As the United States celebrates the 40th anniversary of the first human footsteps on the Moon, it cannot escape notice that the country has spent five times longer figuring out if, when, how, and why we should return to the Moon than it took us to figure out how to get there in the first place. Today, despite the benefit of four decades of technological advances since the last Apollo lunar mission, the United States finds itself wrestling with the challenge of trying to return a person to the lunar surface before the 50th anniversary of the lunar landing rolls around. How is it that the agency that successfully sent people to the Moon in 1969 finds itself unable to do so today, despite tremendous technological developments, the available assistance of a number of space-faring nations, and vast amounts of cumulative funding since the last lunar mission? The root of the problem is that the nation’s leading agency for space exploration has no actual mandate to explore space and, by congressional legislation, has had its list of tasks expanded to include a number of things that are related to neither space nor exploration.
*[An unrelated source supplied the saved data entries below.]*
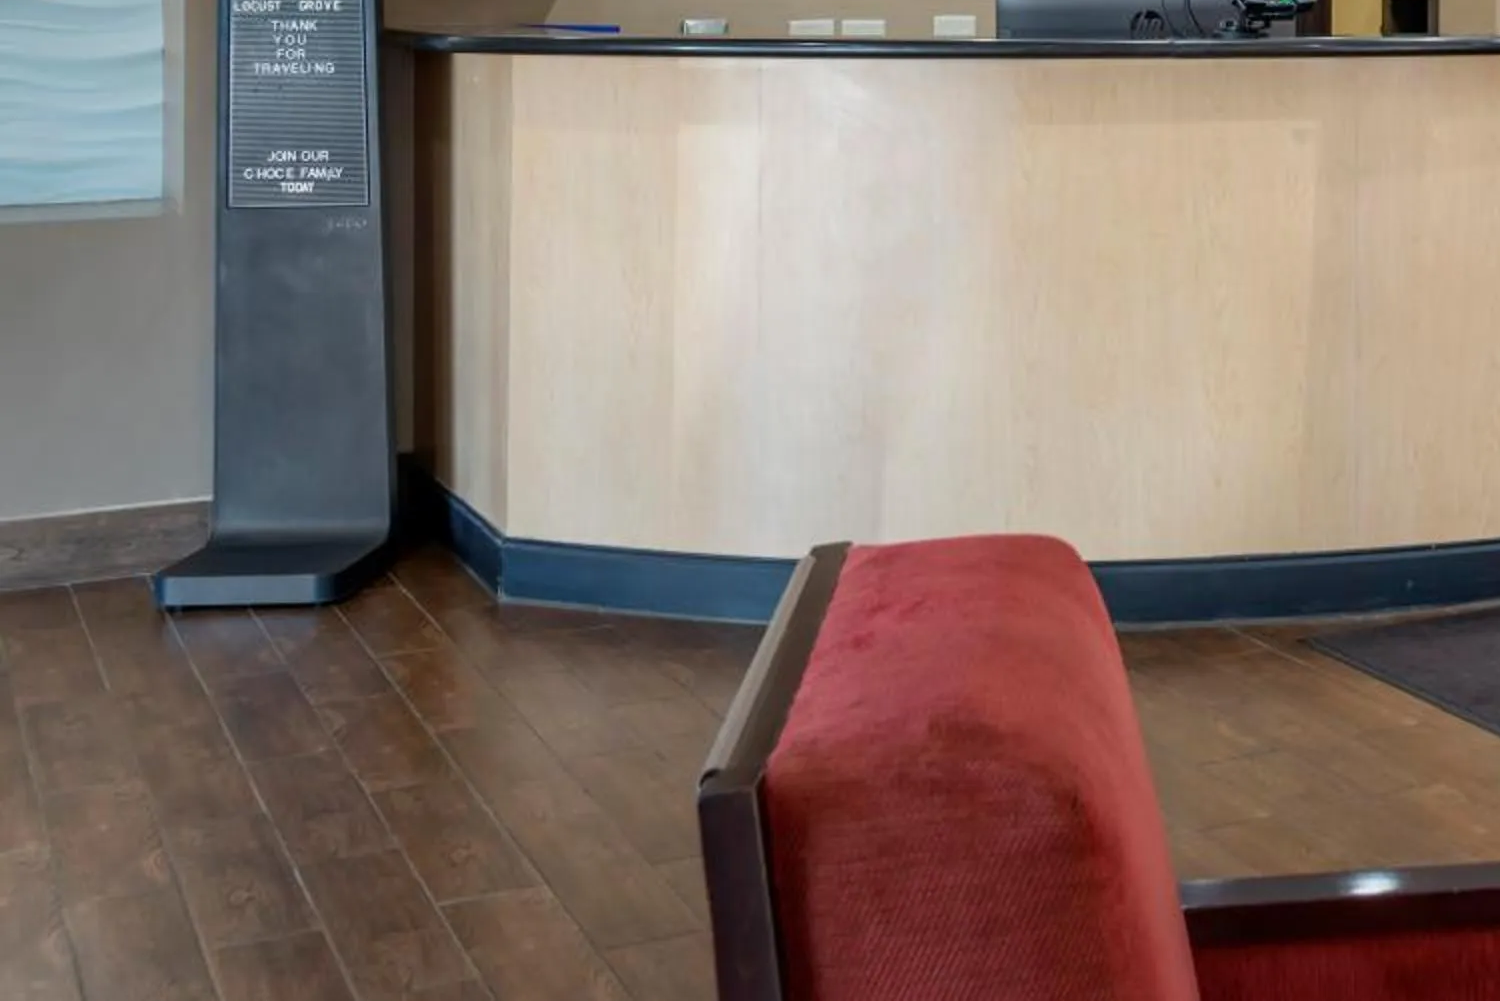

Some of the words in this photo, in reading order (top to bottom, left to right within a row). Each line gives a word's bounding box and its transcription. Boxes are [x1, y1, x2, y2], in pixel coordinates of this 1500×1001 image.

[233, 0, 281, 12] LOCUST
[299, 0, 342, 11] GROVE
[271, 20, 318, 31] THANK
[272, 34, 308, 45] YOU
[276, 48, 306, 59] FOR
[254, 62, 336, 75] TRAVELING
[267, 150, 297, 162] JOIN
[301, 150, 329, 162] OUR
[281, 182, 315, 193] TODAY
The purpose of the National Aeronautics and Space Act of 1958 (the “Space Act”), which created NASA, was to “provide for research into problems of flight within and outside the Earth’s atmosphere, and for other purposes.” Unfortunately, this mandate provides no particular sense of direction or reason to carry out such activities, a vagueness of purpose that wasn’t fully apparent then and wouldn’t be for many years. Shortly after its creation, NASA was tasked by President John F. Kennedy, on May 25, 1961, with the very specific mission of “achieving the goal, before this decade is out, of landing a man on the Moon and returning him safely to the Earth.” This concrete, if difficult, task became NASA’s reason for existence until July 24, 1969. On that date, the crew of Apollo 11 safely returned to Earth after making a successful landing on the lunar surface, answering President Kennedy’s challenge. Once NASA had met this challenge, the agency lost, in fact if not in law, its specific reason to exist.

Q1: How did we get here?

A1: NASA’s precursor organization, the National Advisory Committee for Aeronautics (NACA), was established in 1915 to help the United States achieve and maintain technological leadership in aviation. NACA’s role in achieving this objective was “to supervise and direct the scientific study of the problems of flight, with a view to their practical solutions.” At the dawn of the space age, it was entirely unclear whether or not it was even possible to send any living creature into space, let alone humans, and most certainly whether or not humans could successfully work and live in space. Given this basic uncertainty about the possibility of human spaceflight, NASA’s focus on research and technology development matched both its mandate and circumstances.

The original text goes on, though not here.